The lines to be copied run from the one containing "Some of the words" to the end of the material below; reproduce them exactly, including both ends, and nothing more.

Supplied data: Begin

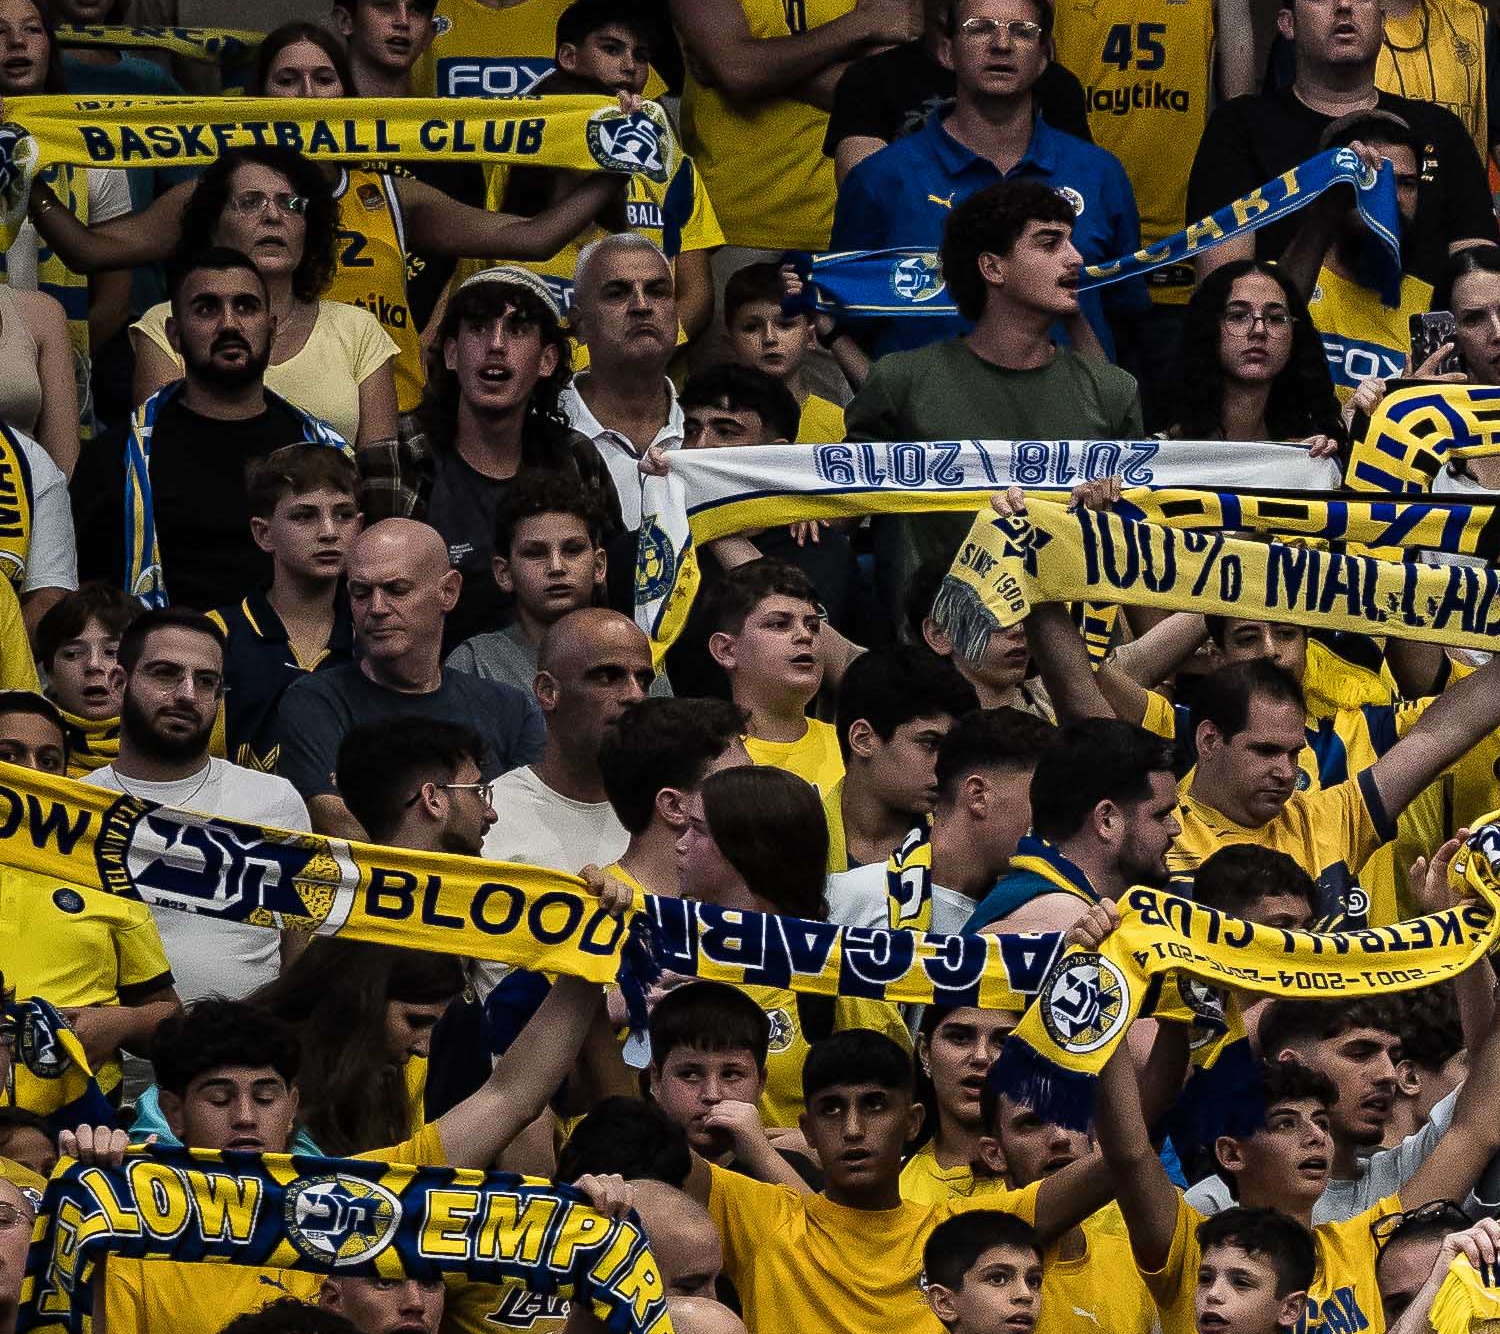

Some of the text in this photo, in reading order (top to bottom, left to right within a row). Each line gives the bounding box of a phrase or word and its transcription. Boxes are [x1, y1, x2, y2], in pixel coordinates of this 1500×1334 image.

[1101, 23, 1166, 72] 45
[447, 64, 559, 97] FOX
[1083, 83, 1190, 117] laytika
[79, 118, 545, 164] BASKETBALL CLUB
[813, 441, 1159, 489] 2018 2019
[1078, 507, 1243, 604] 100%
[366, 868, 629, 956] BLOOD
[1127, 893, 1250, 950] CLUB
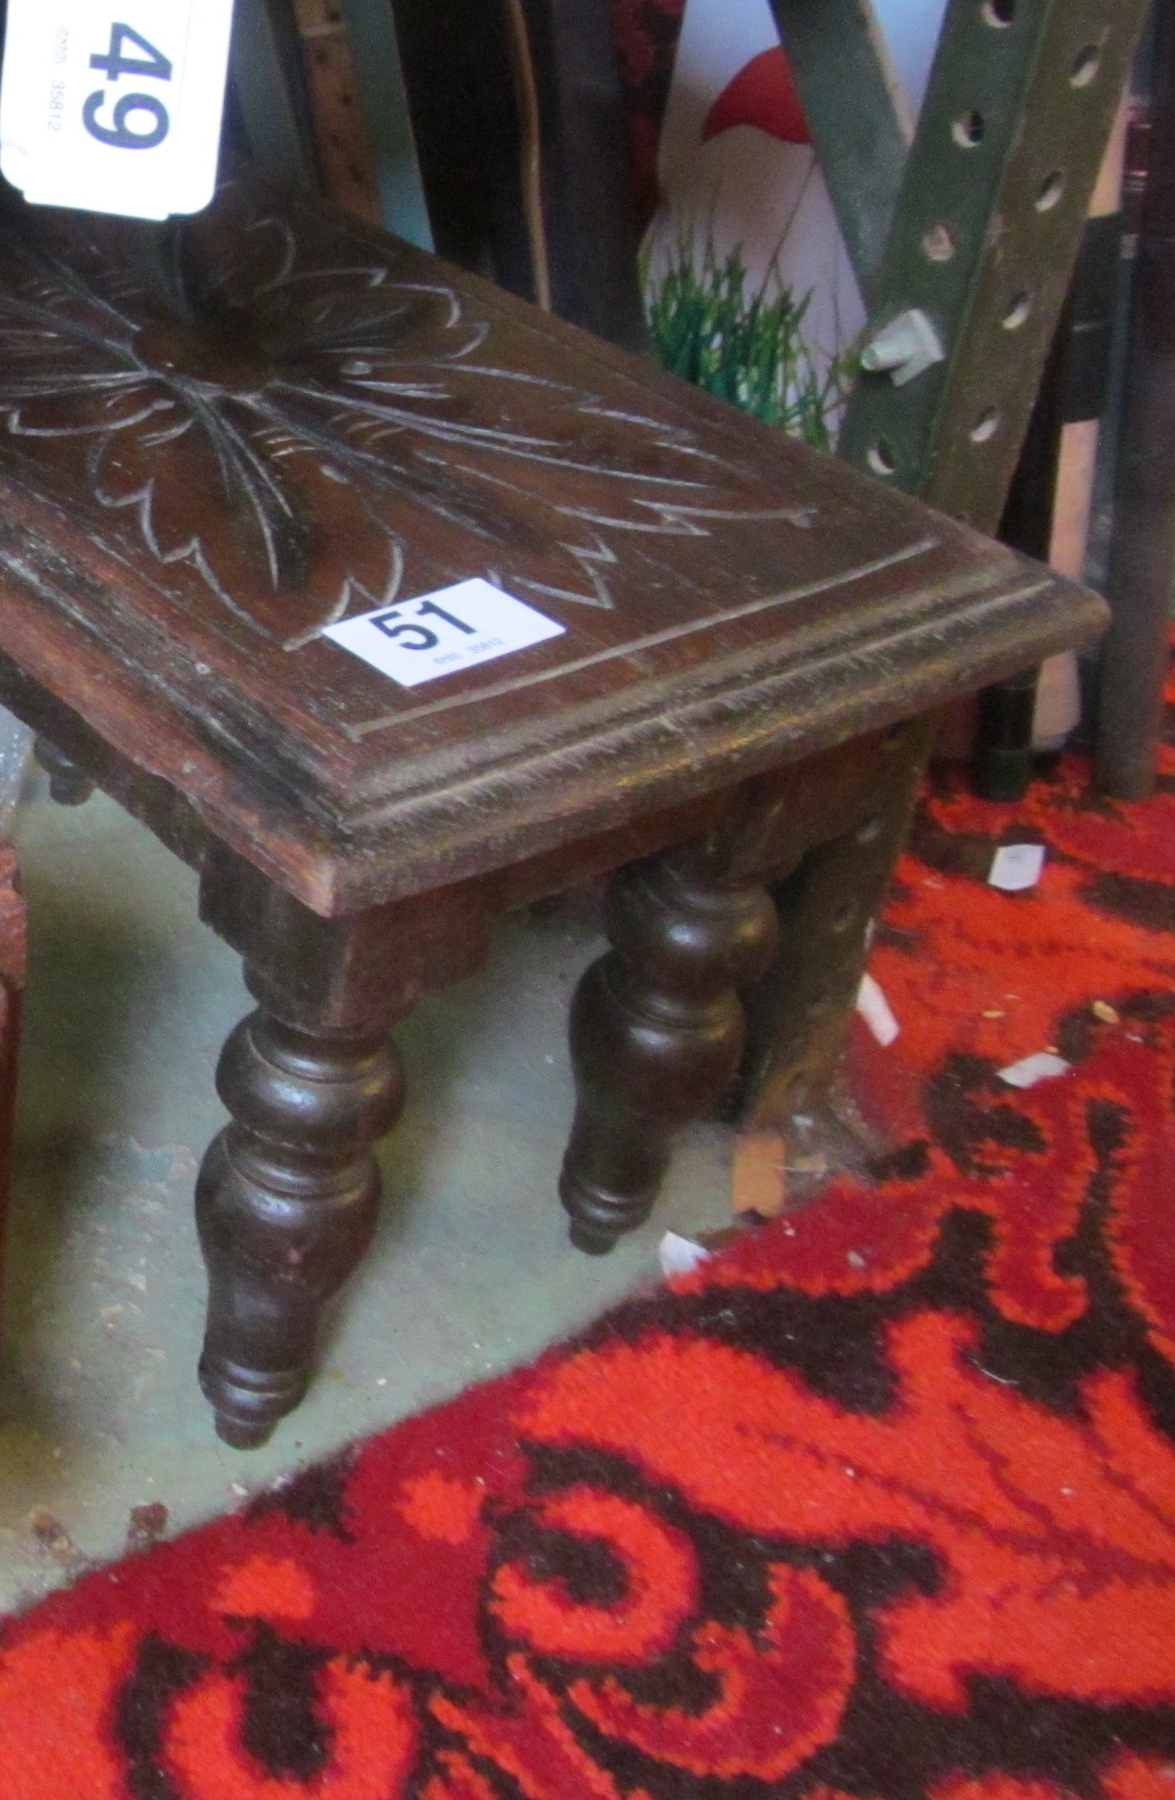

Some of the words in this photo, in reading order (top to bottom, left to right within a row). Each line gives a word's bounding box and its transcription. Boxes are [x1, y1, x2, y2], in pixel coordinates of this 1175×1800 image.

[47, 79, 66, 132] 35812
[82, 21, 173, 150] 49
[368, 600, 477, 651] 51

Supplied data: End

## [Answer for the task]
Some of the words in this photo, in reading order (top to bottom, left to right within a row). Each line gives a word's bounding box and its transcription. Boxes are [x1, y1, x2, y2], in pixel coordinates of this 1175×1800 image.

[47, 79, 66, 132] 35812
[82, 21, 173, 150] 49
[368, 600, 477, 651] 51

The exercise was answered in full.